Yet, heritage cannot be seen as neutral. At its core, heritage is politicized and contested across temporal, spatial, cultural–economic, and public–private axes [25,76]. As Smith and Akagawa [6] argue, conflict and identity politics are inherent to heritage. This implies that even when heritage is framed by national policies, it is frequently managed at the local level, where tensions between “official” narratives and local historical knowledge, national identity and everyday sociocultural practices, and bureaucratic priorities and citizenship rights become most visible [77]. The contested character of heritage reinforces the necessity of civic engagement, participatory planning, and inclusive governance, which have become central to international declarations on sustainable urban development. However, genuine inclusivity requires attention to conflict, negotiation, and power relations. Different modes of participation—ranging from informative to transformative—produce distinct outcomes in terms of knowledge sharing, decision-making, and the redistribution of power [78]. Importantly, participatory heritage practices remain deeply dependent on local contexts and shifting configurations of governance, and thus require a critical assessment of what forms of participation are pursued and whose interests they serve [79].
These dynamics become even more complex in contexts where international agencies and donors play a significant role. While UNESCO, the World Bank, the European Commission, and other actors often advocate for community empowerment, local activists and citizens in cities—particularly in the Global South—frequently remain the weakest link in decision-making. Procedural and discursive aspects of participation can be critical, and tensions often arise over whose cultural identity and social, political, and ecological values are prioritized in heritage management.
Against this backdrop, the analysis of cultural event programs such as Capitals of Culture illustrates both opportunities for urban regeneration and risks of gentrification, commodification, and sociocultural exclusion.

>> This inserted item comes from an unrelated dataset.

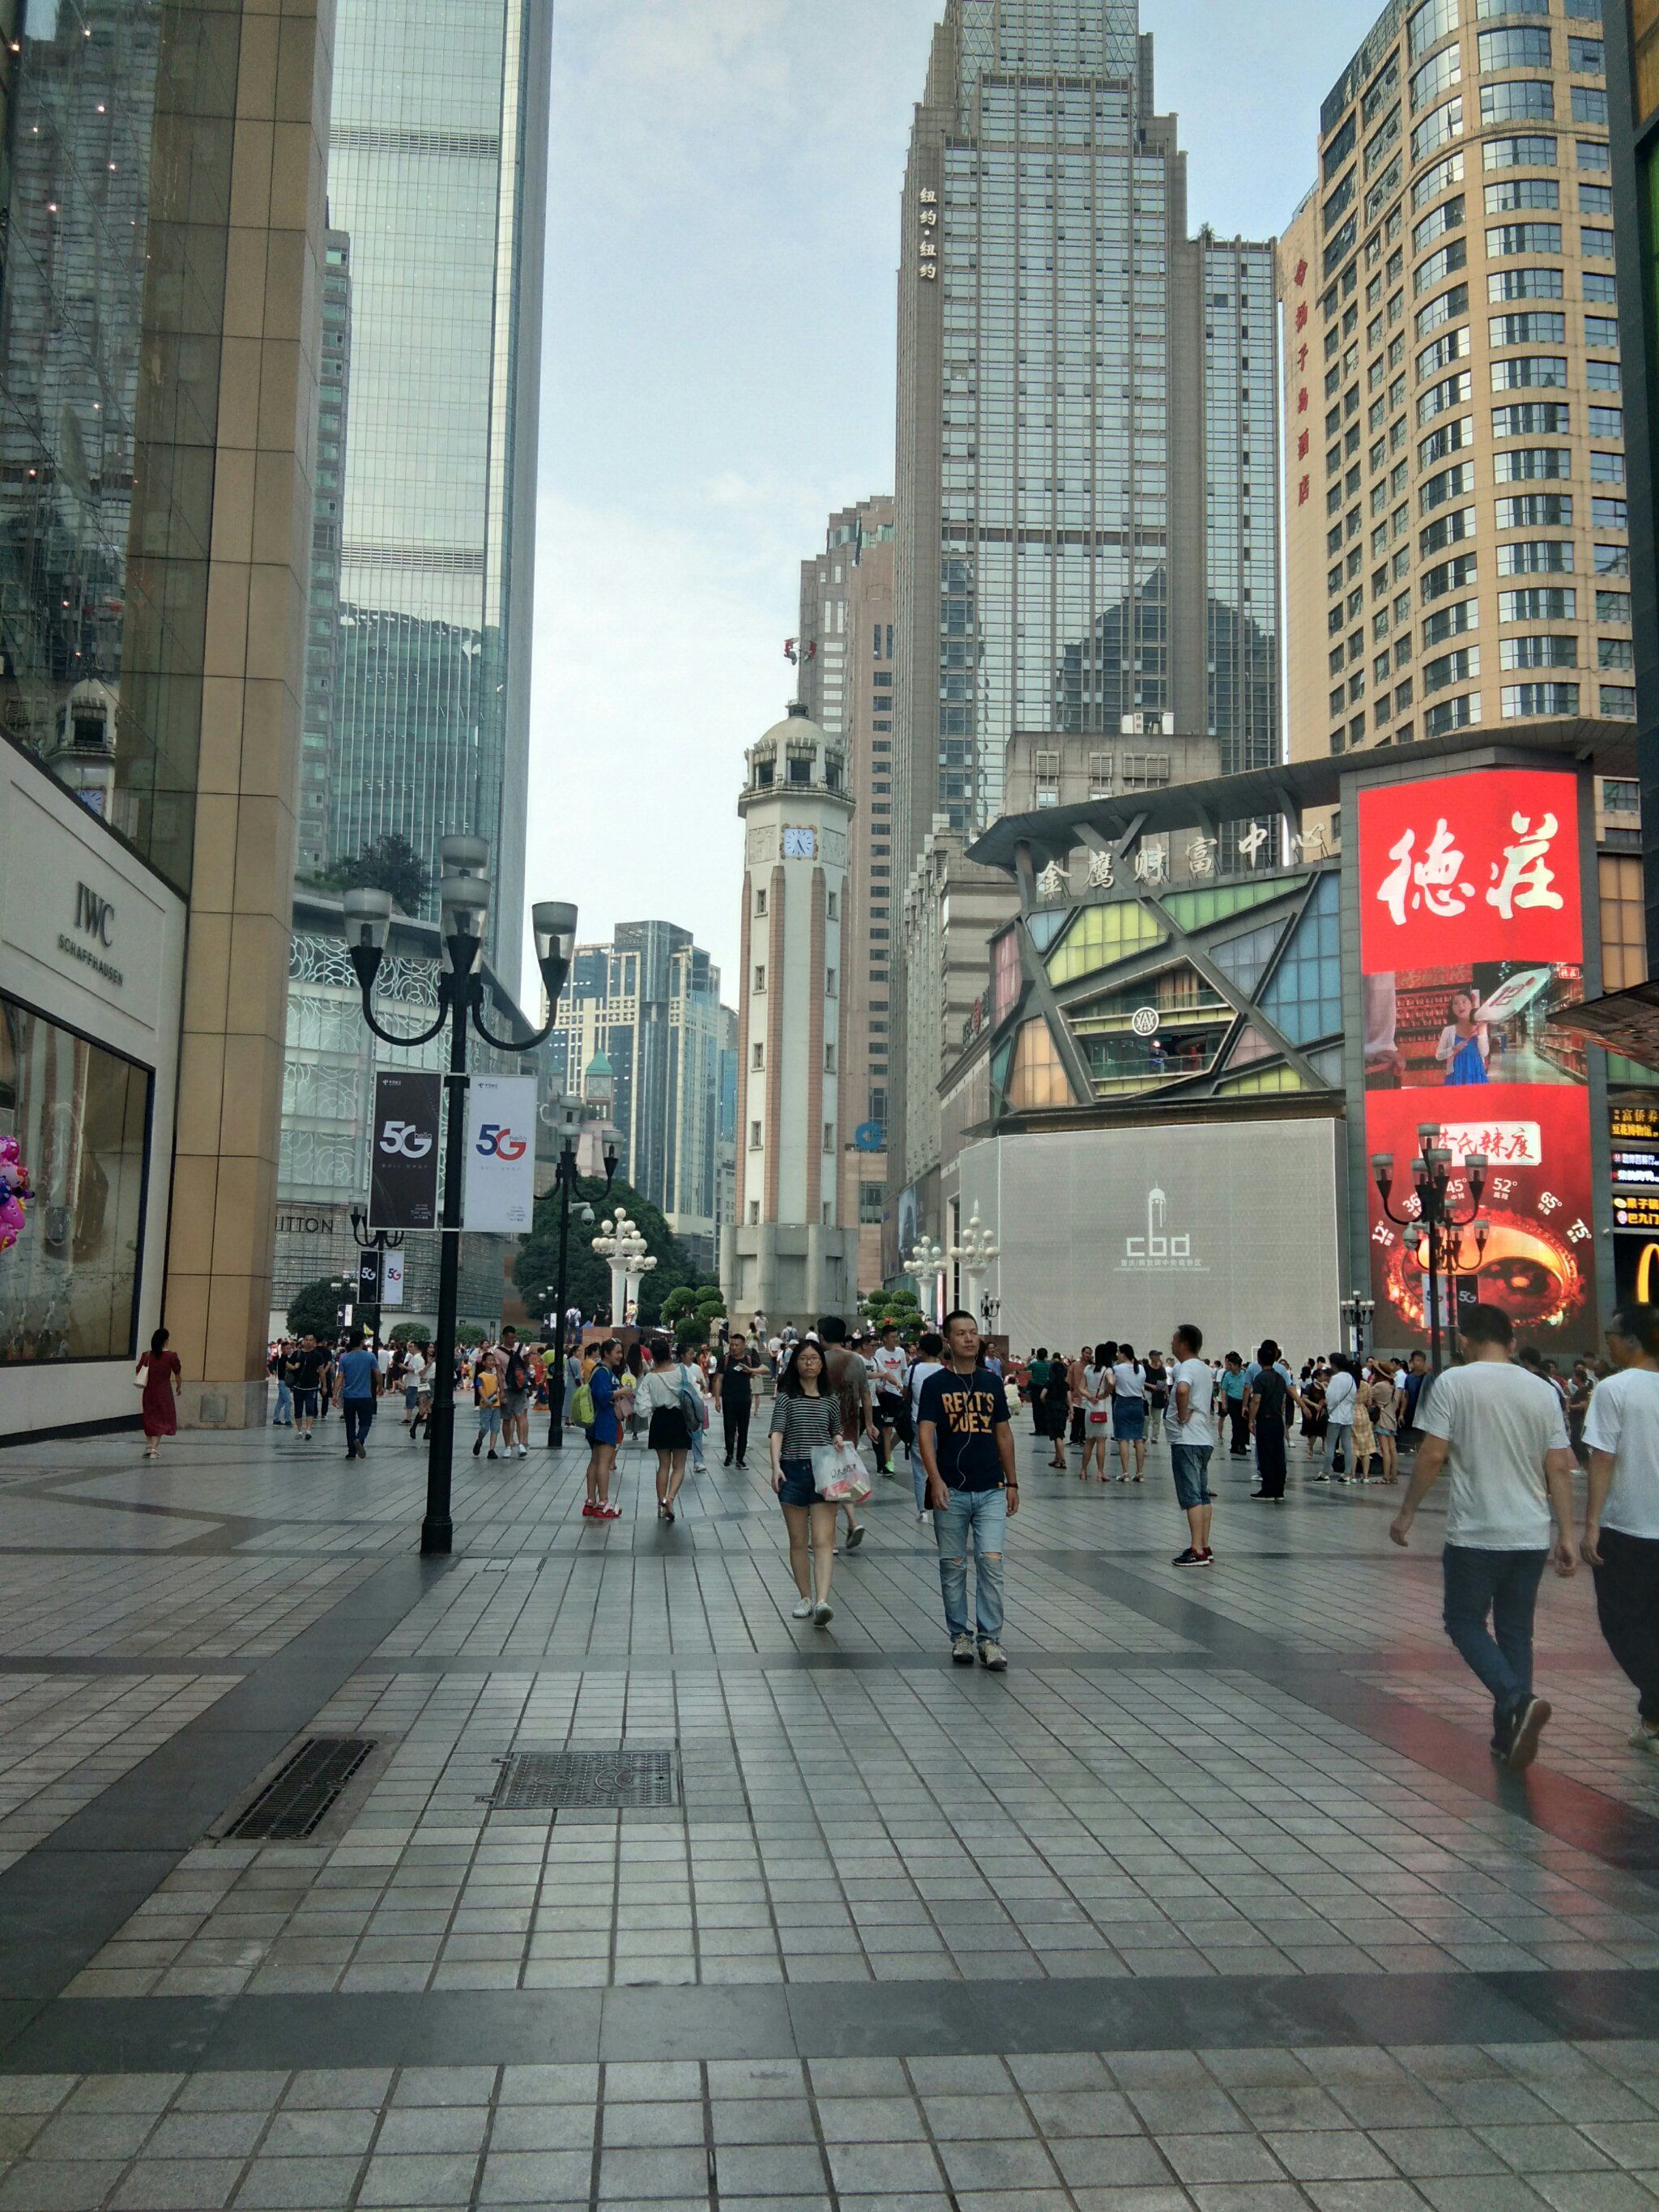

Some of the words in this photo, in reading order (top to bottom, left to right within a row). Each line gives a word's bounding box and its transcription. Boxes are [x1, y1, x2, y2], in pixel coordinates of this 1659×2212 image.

These findings emphasize the need for deliberate, context-sensitive planning instruments that address the political, contested, and power-laden character of heritage while embedding it sustainably within urban policy frameworks.
This research contributes to the field by situating heritage not merely as a static asset to be preserved, but as a dynamic “common good” and a catalyst for social cohesion, economic resilience, and environmental sustainability. Integrating value-based, people-centered approaches provides a conceptual and practical blueprint for navigating the complexity of heritage-led urban development in diverse global contexts.
The following discussion is organized into two key subsections that further elaborate on the implications of this research. The first addresses the persistent gap between policy and practice, highlighting examples where CH is either well integrated or overlooked in urban development strategies. The second explores the main challenges and risks associated with implementing the HUL approach, focusing on governance, professional capacity, socio-economic impacts, and environmental vulnerabilities. Together, these sections contextualize the opportunities and limitations of heritage-led urban sustainability in contemporary practice.

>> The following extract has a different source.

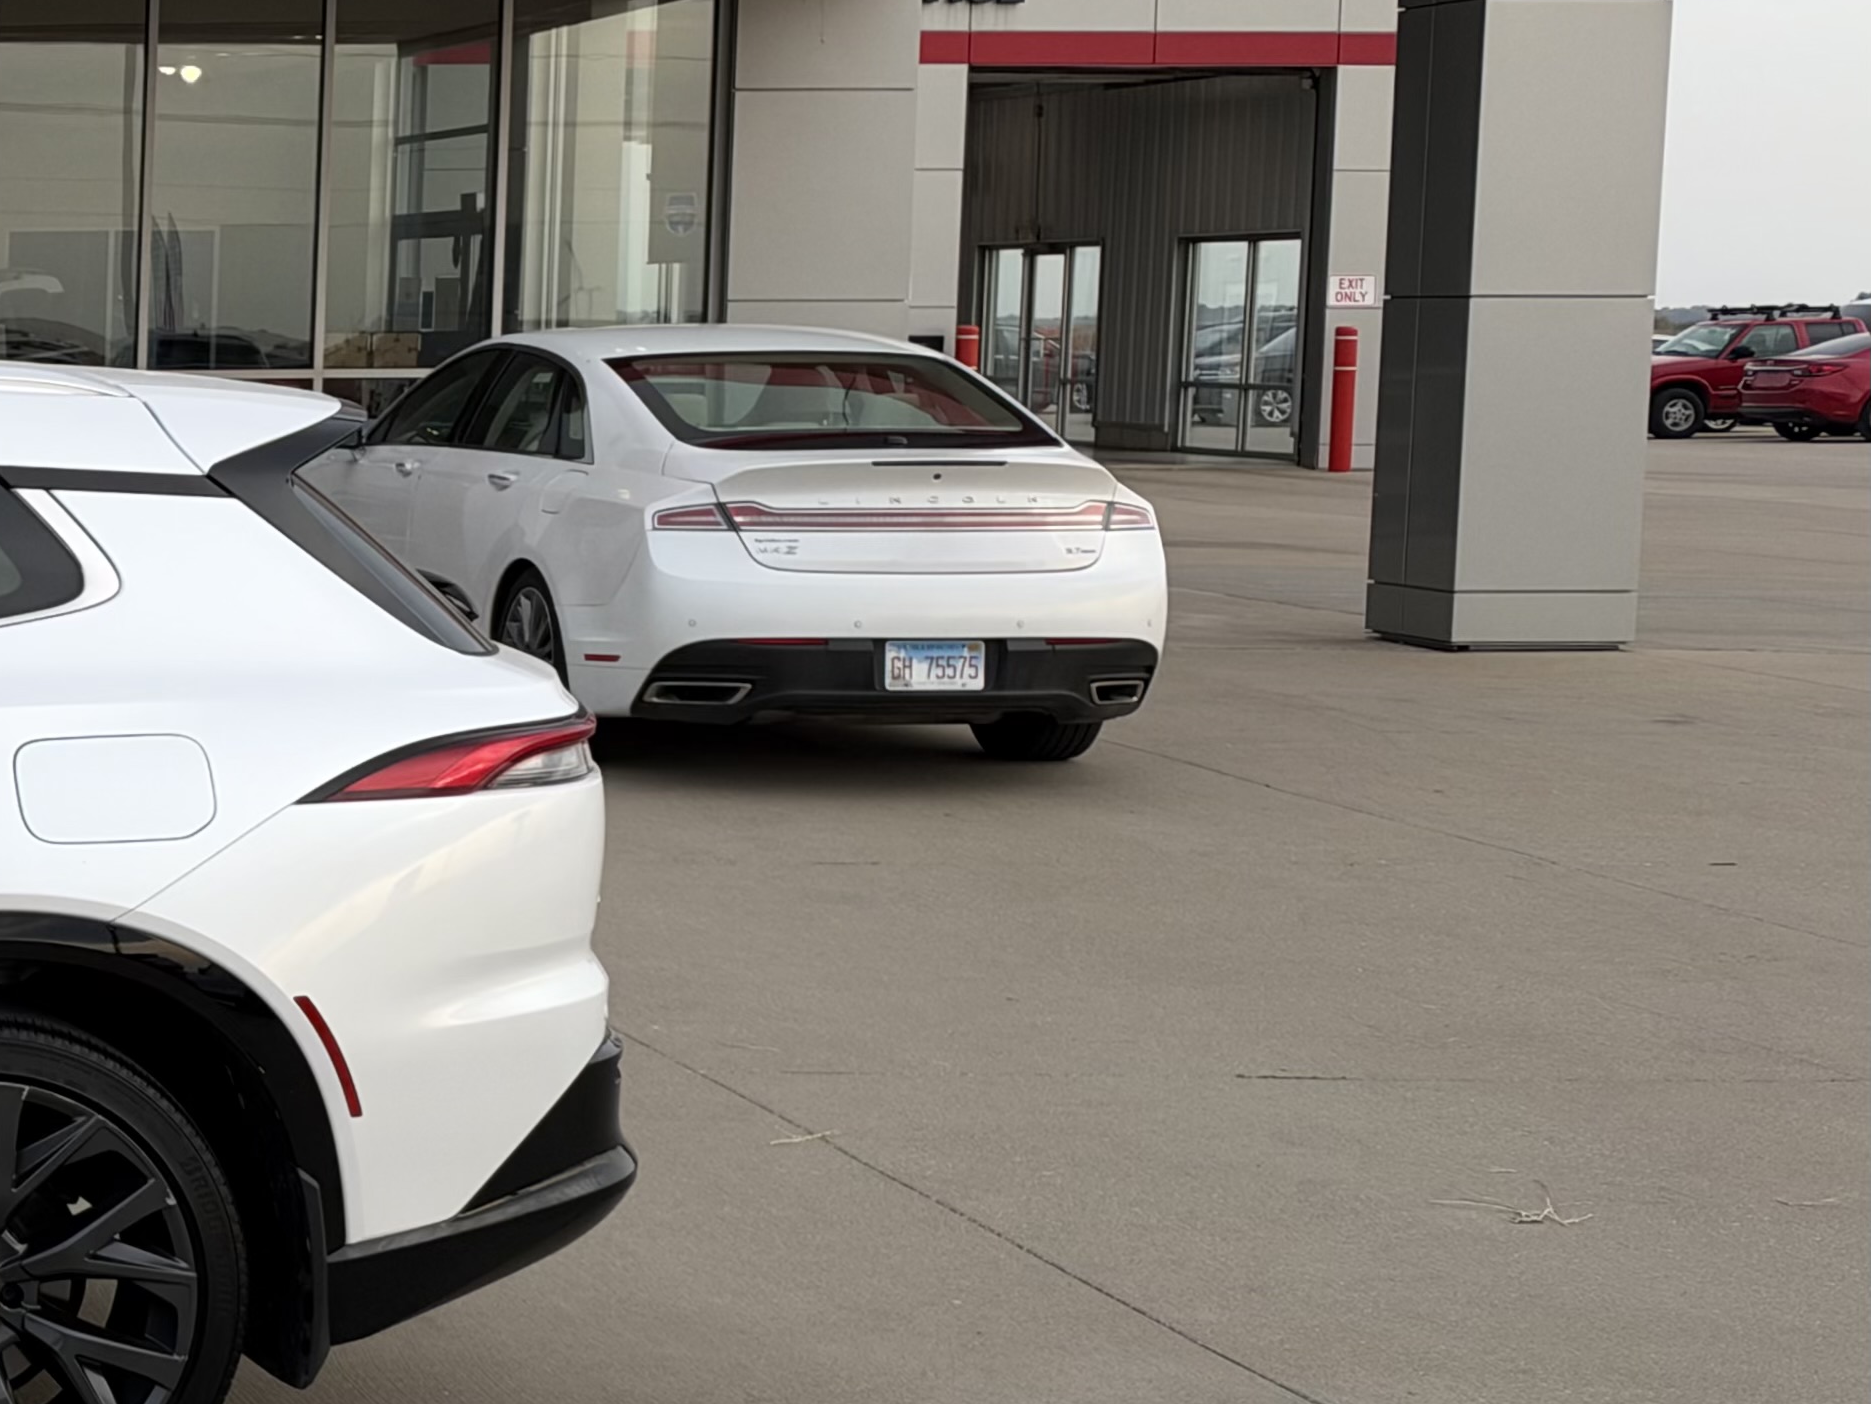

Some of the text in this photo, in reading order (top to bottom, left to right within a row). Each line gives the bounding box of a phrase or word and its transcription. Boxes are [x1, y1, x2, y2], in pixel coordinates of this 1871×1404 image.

[1339, 278, 1365, 290] EXIT
[1335, 291, 1368, 303] ONLY
[891, 656, 979, 680] GH 75575

7.1. The Policy–Practice Gap

The policy–practice gap exists in two directions. On one hand, there are contexts where policies explicitly include CH and culture as assets for urban development and for improving the quality of life of local communities. Examples can be found at UNESCO World Heritage Sites, where management plans have increasingly expanded beyond conservation and preservation to include strategies for sustainable urban development (e.g., Kairos, Hero, Regensburg).
At the regional level, for example, the Bavarian State Ministry of Science and the Arts underscores the importance of art and culture in fostering regional identity and stimulating innovation. By investing over half a billion euros into these sectors, the ministry supports a diverse range of cultural institutions and activities, positioning them as vital drivers of urban development1. Similar efforts can be observed in Chemnitz, Germany which is focusing on CH to drive urban renewal. The city plans to implement policies that integrate culture into its development strategies, aiming to enhance social cohesion and stimulate economic growth2.
On the other hand, in many cases, CH plays a significant role as a contextual or material resource, but this contribution is not explicitly recognized in local or regional policy frameworks. In such instances, policies often remain narrowly focused on the “safeguarding” dimension of heritage, defining the boundaries of acceptable change to historic urban fabric [80]. Such approaches reveal a persistent disconnect between heritage’s actual societal role and how it is institutionally acknowledged. Moreover, even where policies adopt a more integrated view, implementation is conditioned by political contestation, conflicting priorities, and uneven capacities across governance scales. This underscores that the policy–practice gap is not merely technical, but deeply political, shaped by negotiations over whose values and identities are represented in heritage and whose are left marginalized [25]. Accordingly, this study recommends strengthening interdisciplinary collaboration, fostering inclusive governance models, and leveraging innovative circular business models to sustain heritage’s multifaceted values.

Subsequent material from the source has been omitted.